In Daugherty claimant, filed a praecipe for writ of certiorari and scire facias which did not contain the name of a party in interest. As a result, that party, the second injury fund, was not served with summons until well after the proceedings for review had commenced in the circuit court. The supreme court held that jurisdiction could only be acquired by the timely filing of a written praecipe which met the statutory requirement that the praecipe contain the names of all parties in interest. The appeal was dismissed for failure to file a praecipe *411conforming to those requirements. The supreme court considered the fact the omitted party was eventually served irrelevant.

In Wolfe, claimant failed to file a written request for summons. Because respondent failed to perfect a cross-appeal, this court concluded law of the case made review of respondent’s jurisdictional argument inappropriate. Nevertheless we observed: “Strict compliance with section 19(f)(1) of the Act would appear to require that the request be in writing, and Daugherty requires strict compliance.” Wolfe, 138 Ill. App. 3d at 685-86, 486 N.E.2d at 284.

Claimant argues, however, there has been a tendency by courts to simplify procedure, honor substance over form, and prevent technicalities from depriving a party of the right to be heard, citing Luttrell and Chadwick. In Luttrell claimant filed for review on outdated forms after section 19(f)(1) had been amended by the legislature to require the use of summons instead of praecipes and writs. (Pub. Act 83— 360, eff. Sept. 14, 1983 (1983 Ill. Laws 3076).) This court determined the mere use of incorrect forms did not deprive the circuit court of subject-matter jurisdiction since there was no significant distinction between a written request for summons and a praecipe. We have also examined the cursory legislative history attendant to Public Act 83— 360. It clearly reveals the amendment was purely technical to correct terminology and make other “linguistic” changes. 83d Ill. Gen. Assem., House Proceedings, April 19, 1983, at 32 (statements of Representative Terzich).

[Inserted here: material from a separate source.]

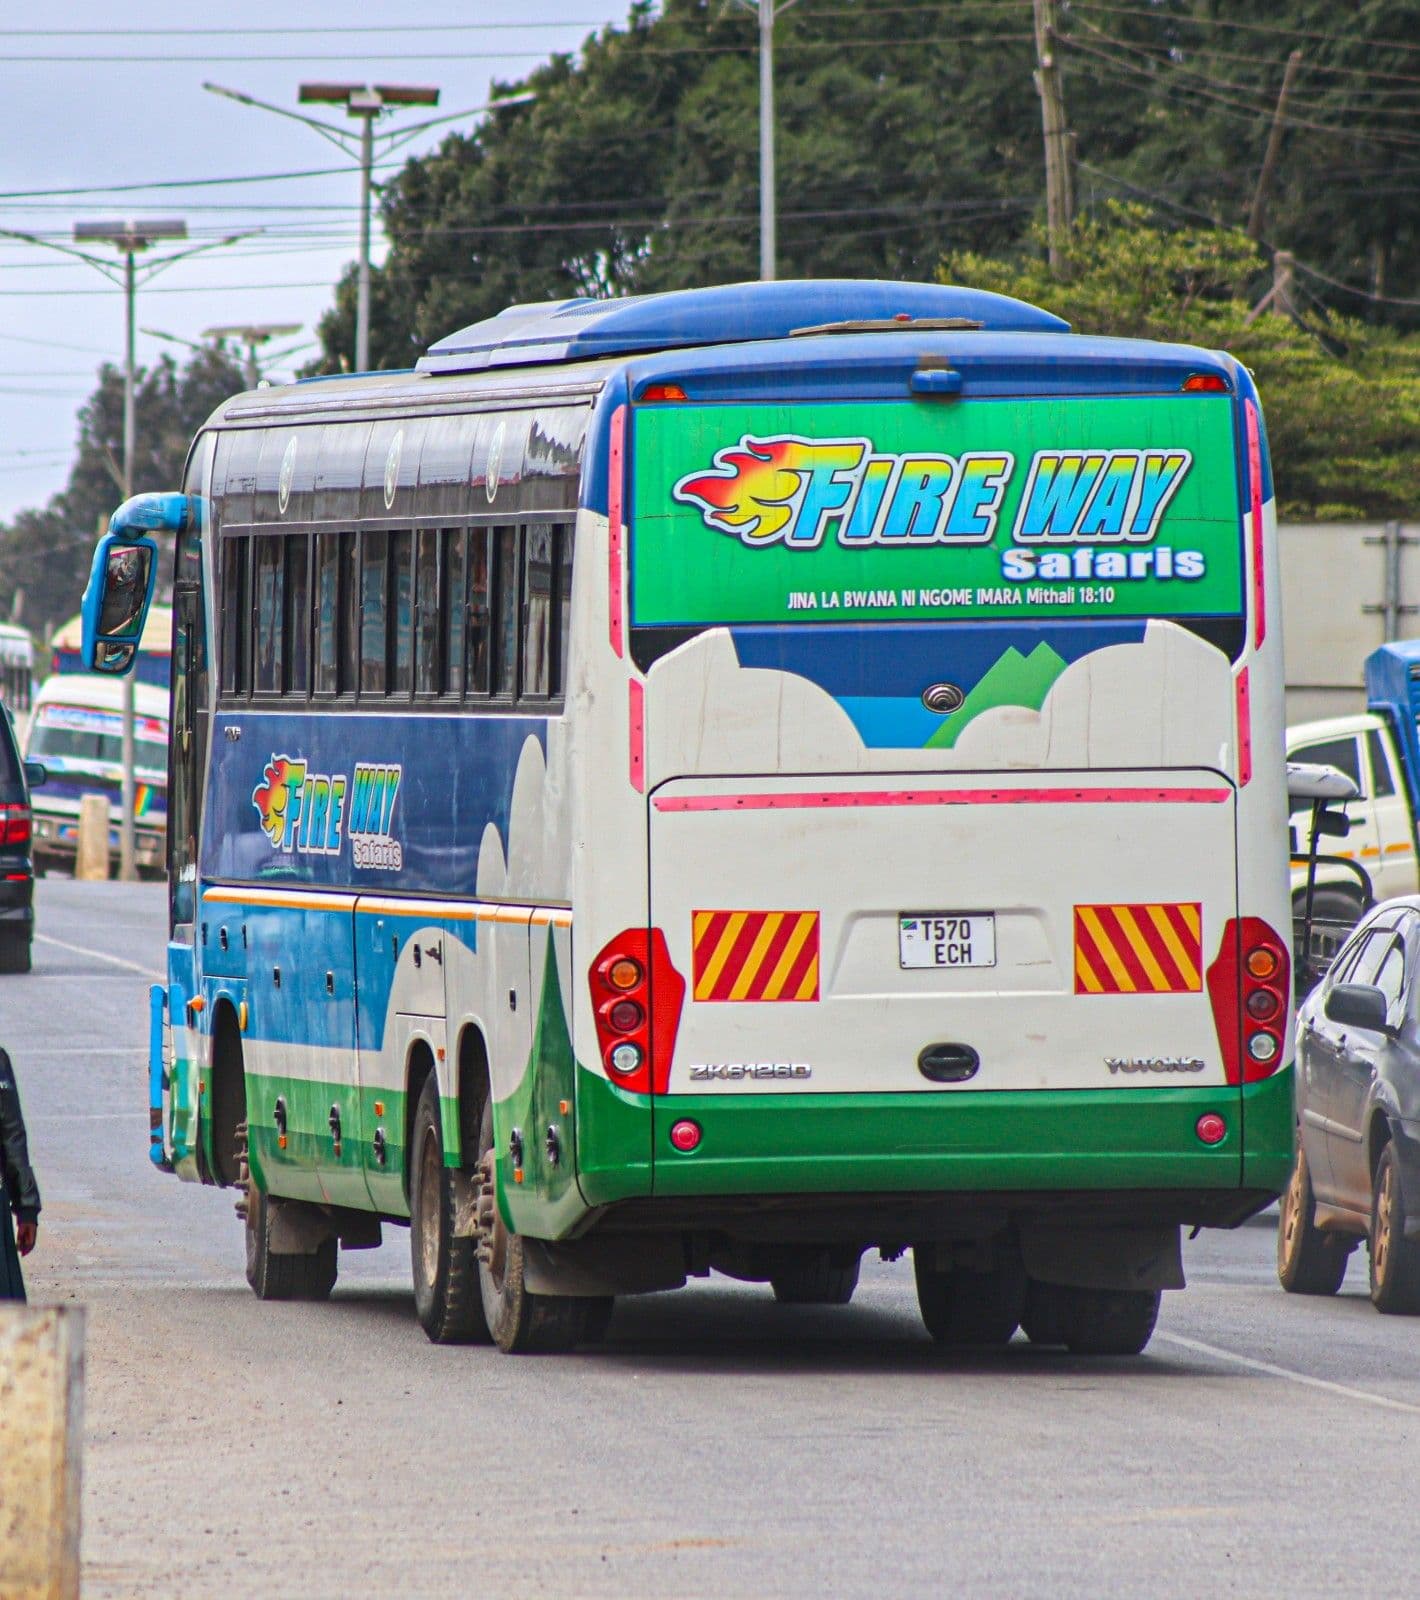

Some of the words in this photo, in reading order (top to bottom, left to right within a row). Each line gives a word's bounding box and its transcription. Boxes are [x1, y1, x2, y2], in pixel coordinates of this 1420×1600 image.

In Chadwick the praecipe for writ named respondent as a party in interest but did not include its address. The praecipe did, however, set forth the address of the respondent’s attorney of record and respondent’s name and address were listed on the certificate of mailing. While we noted this was error, it was also clear claimant provided sufficient information in the praecipe and certificate of mailing to permit the clerk to properly notify respondent and its attorney of the pending appeal.

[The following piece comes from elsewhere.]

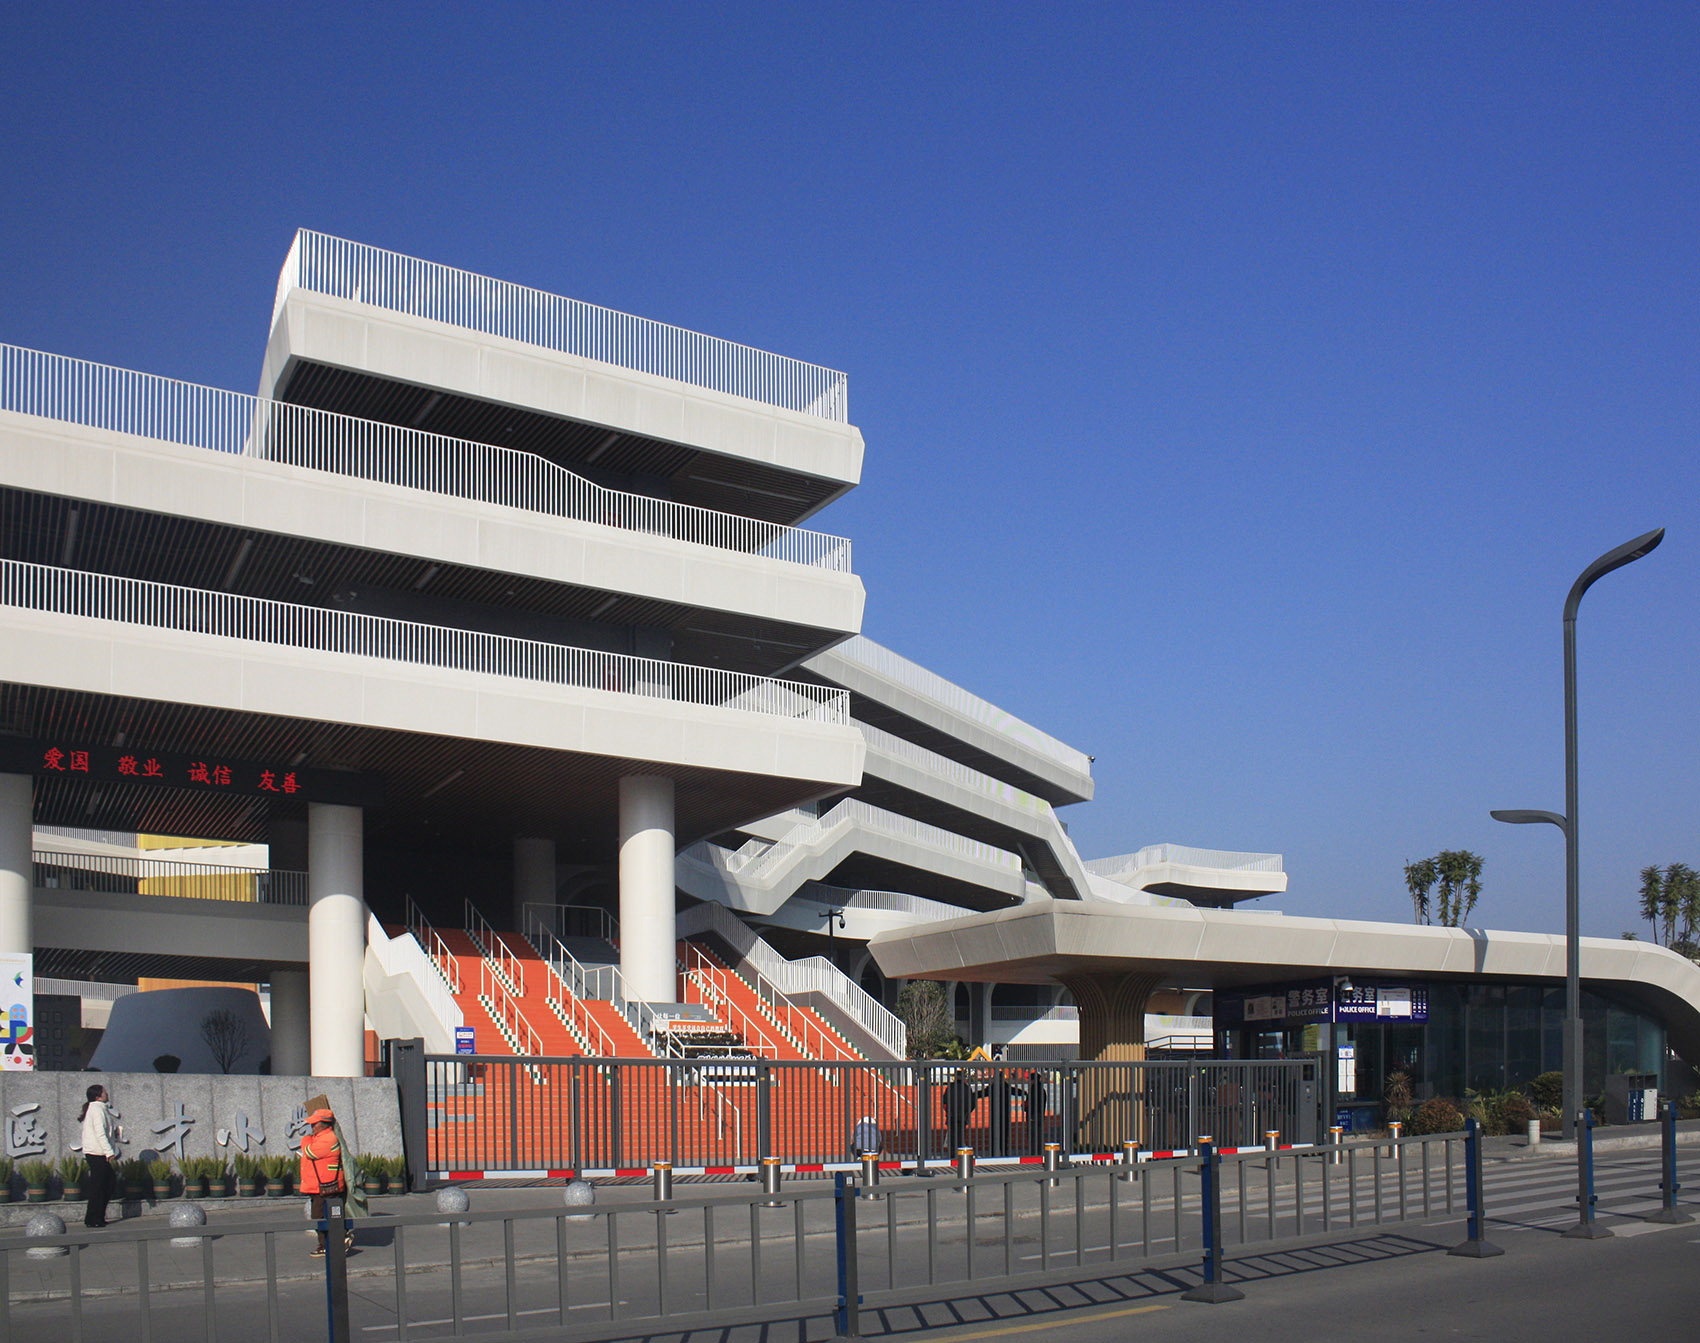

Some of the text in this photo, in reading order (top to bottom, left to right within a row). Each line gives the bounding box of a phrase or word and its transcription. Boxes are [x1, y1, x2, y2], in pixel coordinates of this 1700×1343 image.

[43, 747, 302, 794] 爱国 敬业 诚信 友善
[1288, 987, 1329, 1007] 警务室
[1287, 1006, 1329, 1017] POLICE OFFICE
[1358, 1006, 1376, 1014] OFFICE

Neither Luttrell nor Chadwick is analogous to the situation here. In both Luttrell and Chadwick written requests, although imperfectly drawn, were actually filed. In the instant case, no written request was filed. The supreme court in Daugherty clearly stated that a request for summons must be in writing. We deem the failure to file any written request to be substantive, since to hold otherwise would completely emasculate a clear requirement of section 19(f)(1). We conclude the trial court properly determined it lacked subject-matter jurisdiction because of claimant’s failure to strictly comply with the statute.

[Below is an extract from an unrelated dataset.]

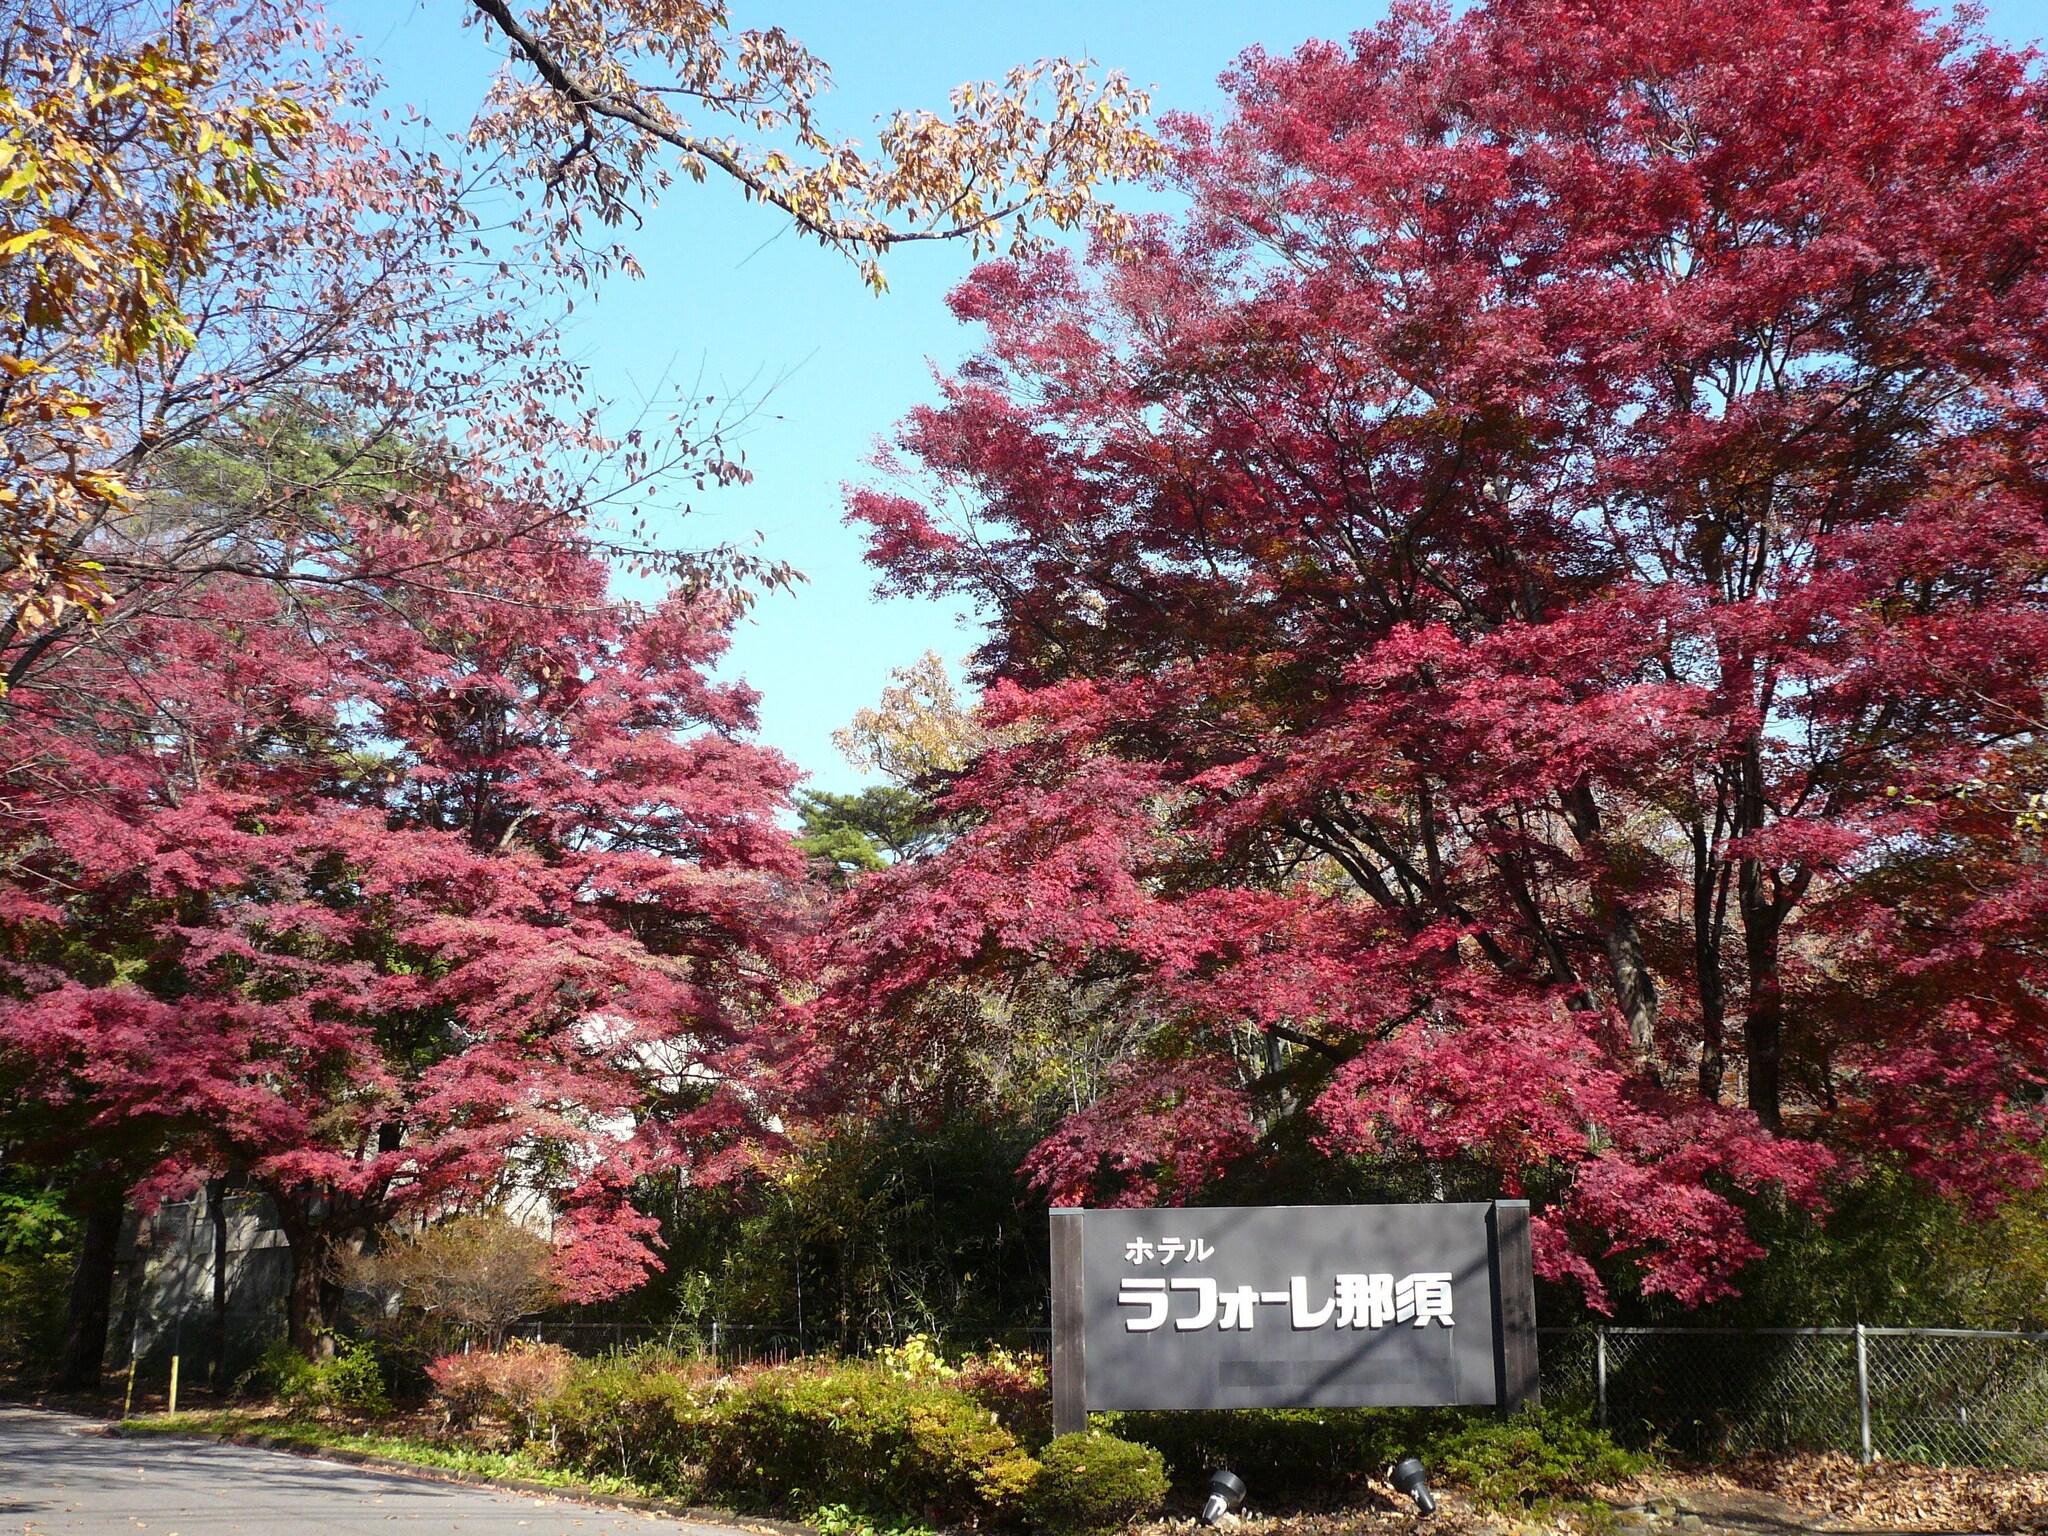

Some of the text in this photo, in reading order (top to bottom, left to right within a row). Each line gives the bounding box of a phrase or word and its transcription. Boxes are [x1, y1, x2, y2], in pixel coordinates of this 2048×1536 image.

Finally, although we need not reach any of the other issues pre*412sented because of the disposition we make, we acknowledge and approve respondent’s confession of error in the Industrial Commission decision to the extent respondent concedes it is obligated to reimburse claimant in the amount of $145 for the medical expense of a CAT scan performed upon claimant at the direction of respondent’s medical personnel. See Ill. Rev. Stat. 1987, ch. 48, par. 138.12.

For the foregoing reasons, the judgment of the circuit court of Cook County is affirmed.

Affirmed.

BARRY, P.J., and McNAMARA, WOODWARD, and LEWIS, JJ., concur.